Не случайно и упоминание шампанского — в это время оно прочно вошло в жизнь российского благородного сословия. Когда в 1717 году во время визита Петра I во Францию регент герцог Филипп Орлеанский угостил царя шампанским, тот столь слабого напитка не оценил. Спустя столетие, в 1814 году, Николь-Барб Понсардэн, более известная как вдова Клико (возглавившая после смерти мужа фирму по производству шампанского), отправила в Россию торговое судно «Добрые намерения» с 12 180 бутылками шампанского. Победителям Наполеона вино пришлось по вкусу — предприимчивую вдову и других производителей шампанского ожидал коммерческий успех.

На протяжении всего XIX века русские поэты и писатели воспевали «Вдовы Клико или Моэта благословенное вино». Пушкин сравнивал шампанское с прекрасной любовницей, но все же отдавал предпочтение старому доброму бордо:


Аи любовнице подобен
Блестящей, ветреной, живой
И своенравной, и пустой.

Но ты, Бордо, подобен другу,
Который в горе и беде
Товарищ завсегда, везде,
Готов вам оказать услугу,
Иль тихий разделить досуг.


А вот император Александр II предпочитал пить именно шампанское — Редерер, причем только из хрустальных бокалов.
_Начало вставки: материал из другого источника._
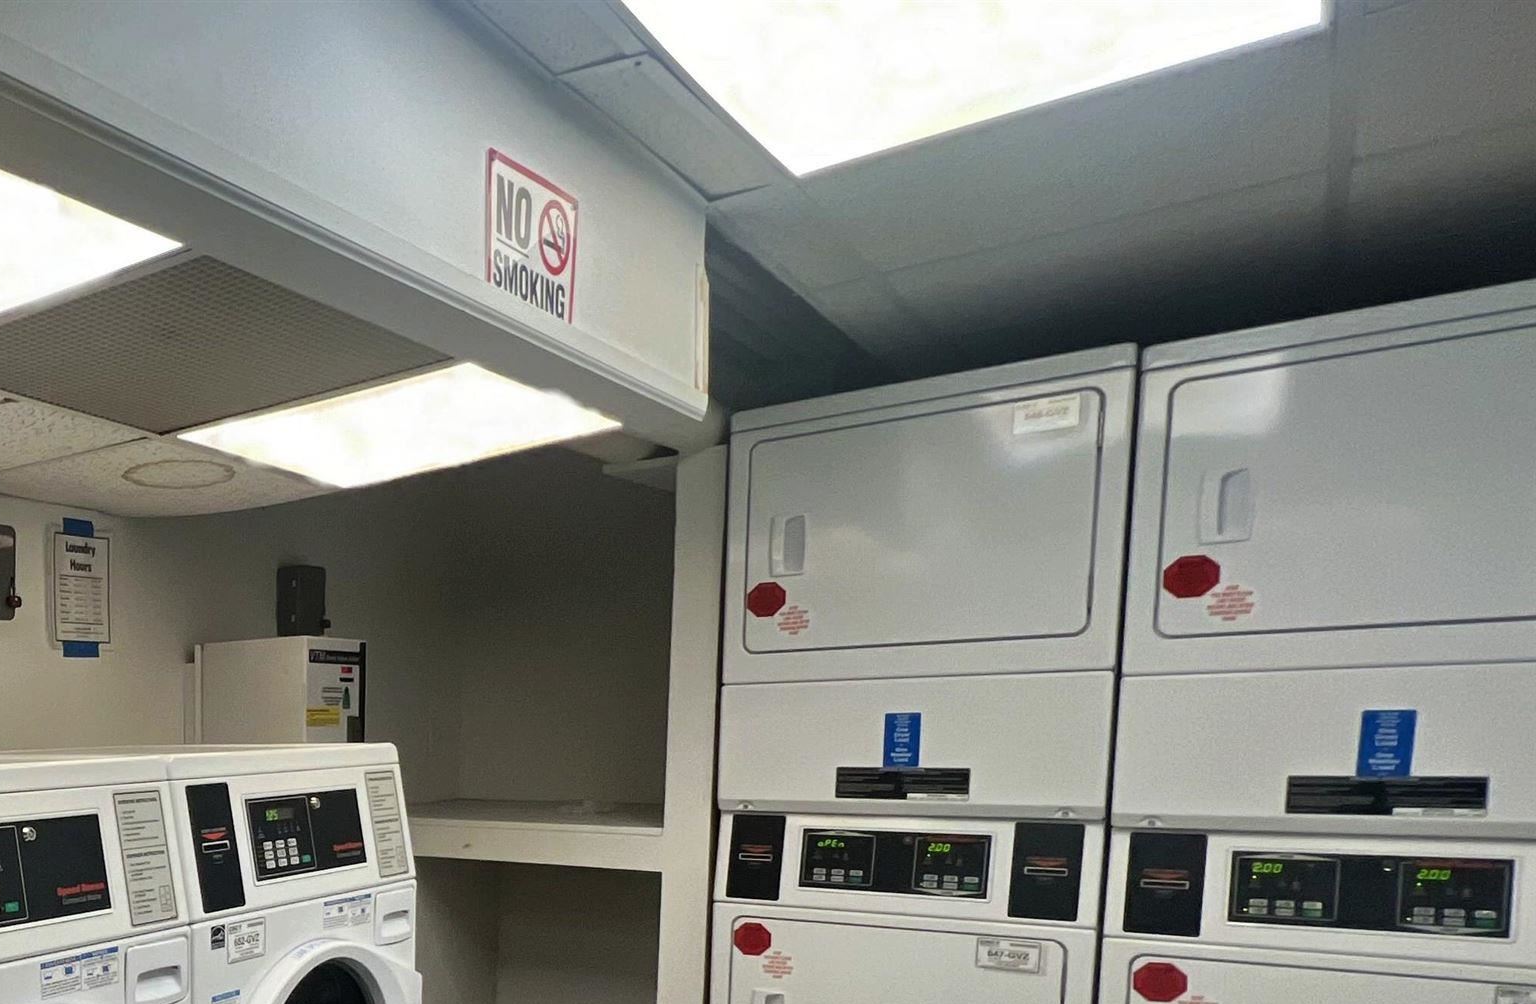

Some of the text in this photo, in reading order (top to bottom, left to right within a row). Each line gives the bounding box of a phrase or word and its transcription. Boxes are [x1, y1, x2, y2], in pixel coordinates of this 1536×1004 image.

[496, 173, 532, 250] NO
[493, 249, 565, 320] SMOKING
[65, 541, 96, 557] Laundry
[69, 559, 92, 572] Hours
В честь венценосного ценителя фирма Редерер выпустила шампанское «Хрустальное» (оно до сих пор является гордостью фирмы), доставлявшееся к русскому двору в хрустальных бутылках.

Шампанское и изысканные вина закупались партиями во время поездок за границу. В хорошем дворянском доме середины XIX века вкусы хозяев были устойчивыми: вина, как правило, заказывали оптом несколько раз в год. Обычно к столу подавали натуральные (сухие) красные и белые вина от проверенных поставщиков. Меньше пили крепленых вин — хереса или малаги. Кроме того, употреблялись различные наливки, которые приготовлялись в деревнях и привозились оттуда вместе с другими домашними припасами — мукой, маслом, соленьями, фруктами.
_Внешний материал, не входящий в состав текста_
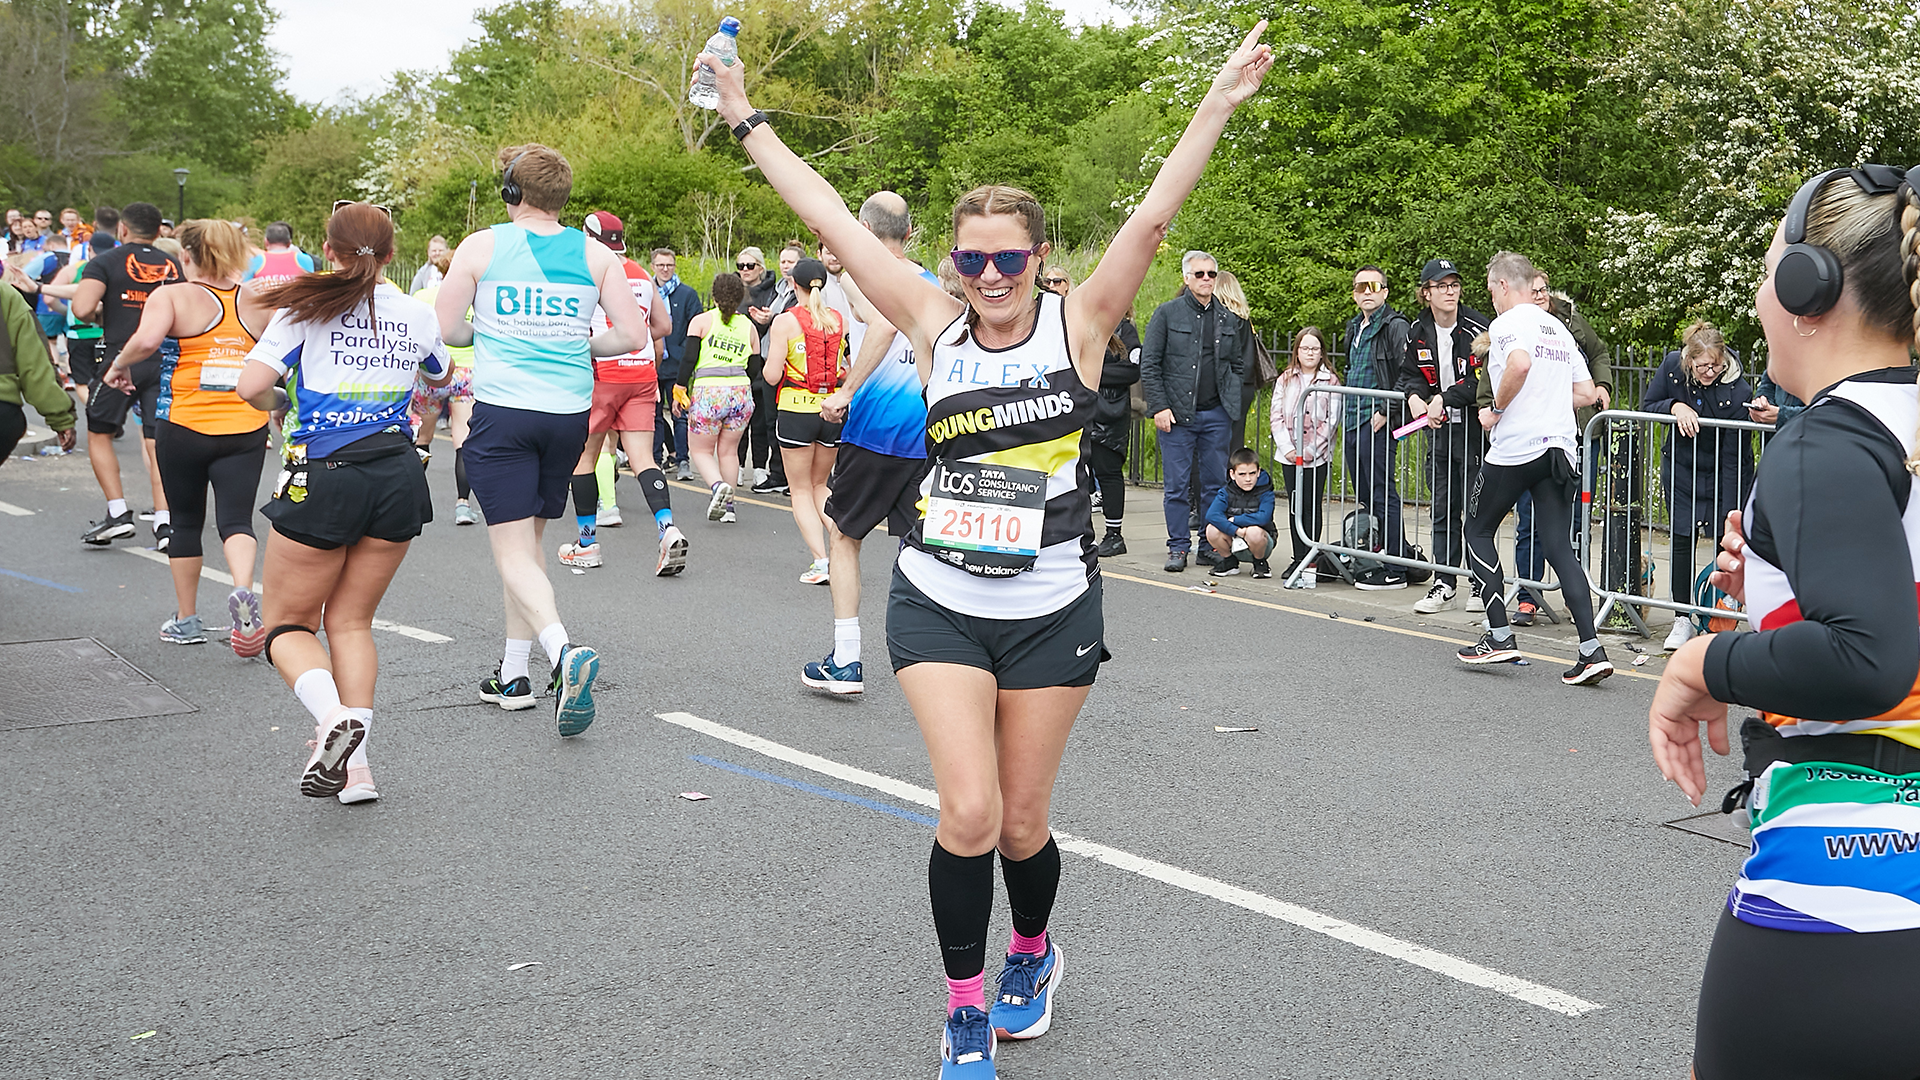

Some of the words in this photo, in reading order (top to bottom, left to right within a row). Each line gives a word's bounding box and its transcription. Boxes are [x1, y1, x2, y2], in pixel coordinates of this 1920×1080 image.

[496, 285, 580, 317] Bliss
[340, 313, 408, 337] Curing
[497, 318, 510, 326] for
[513, 318, 546, 327] babies
[548, 319, 570, 327] born
[330, 331, 420, 354] Paralysis
[330, 350, 416, 371] Together
[947, 359, 1051, 388] ALEX
[793, 396, 827, 405] LIZ
[927, 391, 1075, 445] YOUNGMINDS
[938, 465, 977, 495] tcs
[979, 469, 1006, 480] TATA
[976, 488, 1017, 500] SERVICES
[978, 479, 1041, 494] CONSULTANCY
[940, 509, 1022, 544] 25110
[965, 563, 984, 574] new
Именно в XIX веке складывается строгая система подачи вин к каждому блюду: к супам и «пастетам»-пирогам полагалось по тогдашнему канону крепленое вино, к рыбе принято было подавать белые столовые бургундские вина (чаще других шамбертен, к стерляди — макон, к угрю — кло-де-вужо). Ни один ценитель хороших вин в то время не стал бы пить красное вино — как правило, более терпкое, с более пахучим букетом — до белого, которое в этом случае покажется «плоским». К следовавшему за рыбой «главному блюду» полагалось красное столовое вино из Бордо — медок или шато-лафит; к ростбифу шел портвейн, к индейке — благородное белое бордоское вино сотерн, к телятине — более изысканное и тонкое бургундское шабли{5}. Вино, которое подавали к первым двум переменам, называли vin ordinaire; для третьей перемены, перед десертом, как правило, приберегали более редкие и дорогие вина; их разливал сам хозяин и лично подносил стакан каждому из гостей.

На вершине иерархии «трактирных заведений» стояли фешенебельные рестораны. Особой «институцией» старого Петербурга стал «Restaurant de Paris» на Большой Морской, уже в середине XIX века имевший репутацию «приюта хорошего тона». Особый блеск он приобрел под управлением французских рестораторов Бореля и Кюба в 60—90-х годах. Старик Борель сам выходил в зал к своим постоянным гостям, которых знал лично и которым предоставлял кредит. Он умел угодить самым высокопоставленным и капризным посетителям, иногда заезжавшим к нему на два-три дня вместе с целой оперной труппой, заказывавшим «котлеты из соловьиных языков» и вина из погребов Наполеона и оплачивавшим счета в 4—5 тысяч рублей. Здесь могли принять любую заграничную знаменитость и однажды привели в восторг турецкого посла Турхан-пашу и сопровождавших его стамбульских дипломатов выступлением оркестра балалаечников под управлением В. В. Андреева.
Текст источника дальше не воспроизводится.